## TASK OBJECTIVE
For each record below, set it down exactly but leave out any picture.

━━━━━━━━━━

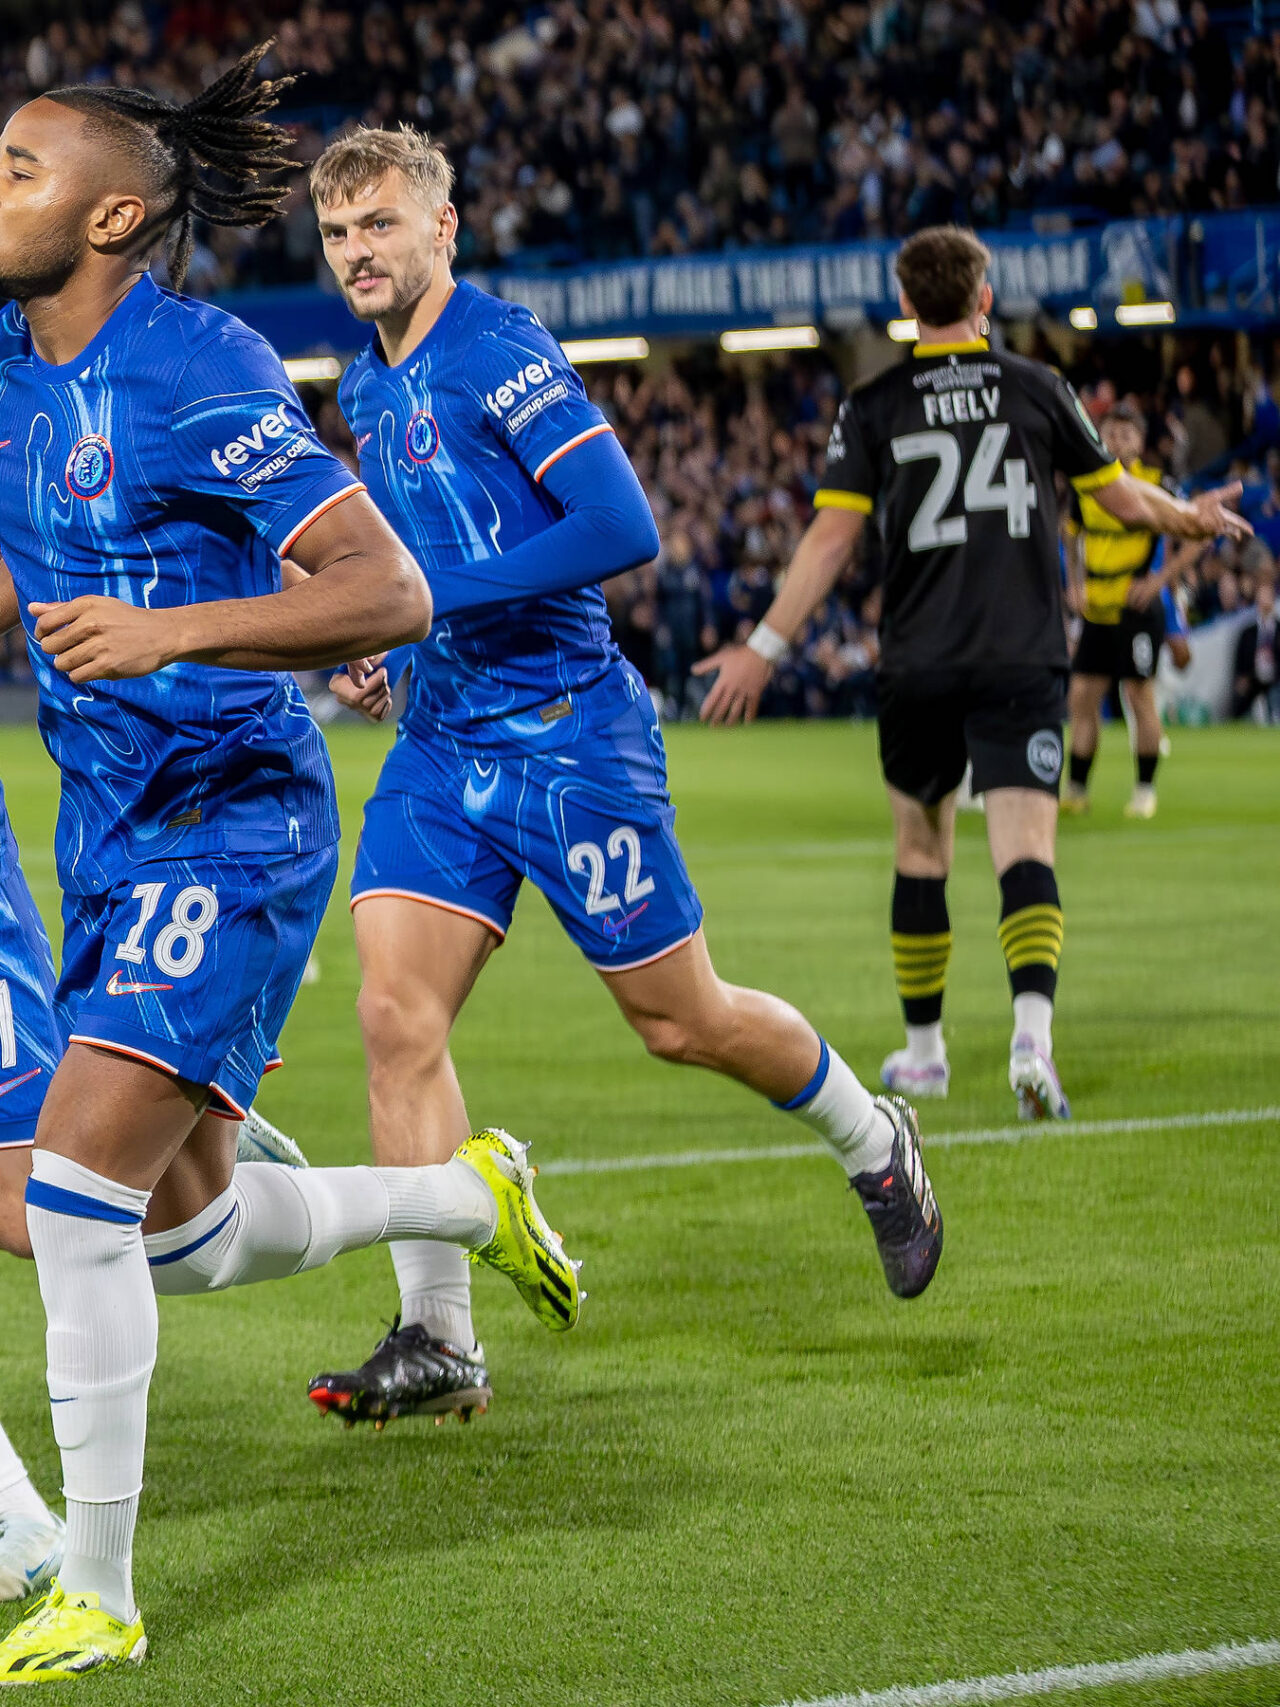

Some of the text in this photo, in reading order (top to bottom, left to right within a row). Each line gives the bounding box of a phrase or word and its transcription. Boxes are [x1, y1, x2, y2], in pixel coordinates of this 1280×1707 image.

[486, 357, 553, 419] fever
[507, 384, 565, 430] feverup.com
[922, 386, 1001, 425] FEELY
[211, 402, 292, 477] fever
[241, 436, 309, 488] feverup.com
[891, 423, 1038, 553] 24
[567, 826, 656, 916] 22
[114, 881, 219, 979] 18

━━━━━━━━━━

## ANSWER BELOW
Some of the text in this photo, in reading order (top to bottom, left to right within a row). Each line gives the bounding box of a phrase or word and its transcription. Boxes are [x1, y1, x2, y2], in pixel coordinates of this 1280×1707 image.

[486, 357, 553, 419] fever
[507, 384, 565, 430] feverup.com
[922, 386, 1001, 425] FEELY
[211, 402, 292, 477] fever
[241, 436, 309, 488] feverup.com
[891, 423, 1038, 553] 24
[567, 826, 656, 916] 22
[114, 881, 219, 979] 18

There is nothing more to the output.